Vivacious Lady

Vivacious Lady
October 13th 2024

When they met for a summit in the spring of 1976, Andy Warhol and Ginger Rogers had much to discuss. Over frozen hot chocolate and frankfurters, they gabbed about the political climate, the implications of smoking black cigarettes, and the status of Warhol’s crusade to secure a government pension for old movie stars. (It hadn’t gotten very far.) Ginger closed the conversation by trashing contemporary Hollywood, praising by counterpoint the exquisite Hays Code indirection of “a film that I was in with Jimmy Stewart," the George Stevens-directed romance Vivacious Lady (1938). “Those are the things, you see, that the industry has lost,” she said, staring despondently into her empty chocolate glass. “It does not do the wonderful turn ideas. It comes right down and…a glass is a glass is a glass is a glass.”

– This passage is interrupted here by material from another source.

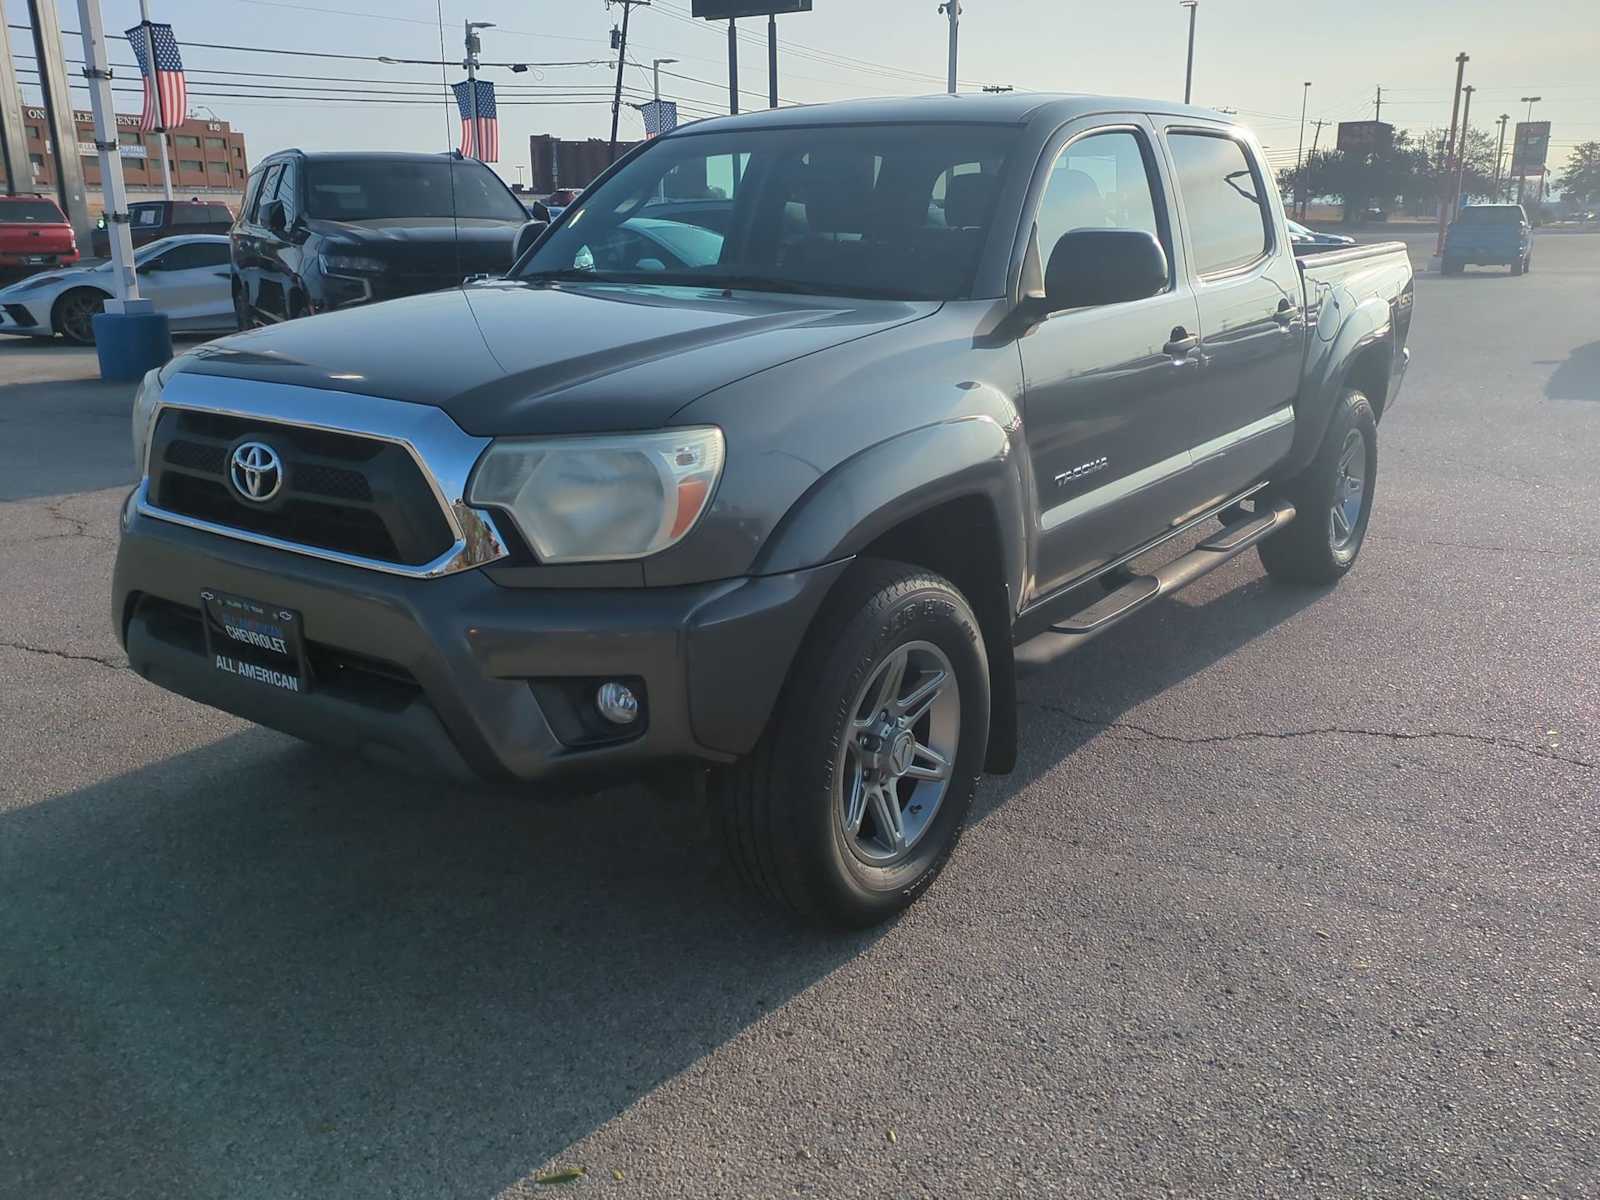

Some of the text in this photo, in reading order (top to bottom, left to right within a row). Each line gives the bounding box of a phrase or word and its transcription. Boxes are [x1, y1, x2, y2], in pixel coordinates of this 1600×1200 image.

[1054, 456, 1107, 487] TACOMA
[225, 624, 287, 654] CHEVROLET
[216, 654, 298, 691] ALL AMERICAN

Vivacious Lady could reduce anyone to sulking over the state of modern life. Shot on the RKO lot concurrently with Stage Door (1937) and Bringing Up Baby (1938), the film seems at first like an amiable botch—a screwball comedy with no urbane dialogue, no deliciously convoluted plot mechanisms, and no gold lame—but its shortcomings are by design. The saga of a botany professor (James Stewart) and a nightclub singer (Ginger Rogers) who marry and then spend days fruitlessly searching for a place to fuck, Vivacious Lady is a comedy so horny that it forgets to be witty; instead the characters float around slack-jawed in a haze of unconsummated lust. As Stewart tells Rogers at one point, “You don't have to say anything. You speak for yourself—and very eloquently, too." The movie is full of wonderful bits of business, but they’re mostly physical or gestural, the jokes of teenagers who haven’t slept all night and are getting a little punchy. The most memorable: a scene where Ginger’s studio apartment turns into an erotic organism that must be carefully stroked—its doors slammed, its desk drawers pushed shut—in order for the Murphy bed to pop open.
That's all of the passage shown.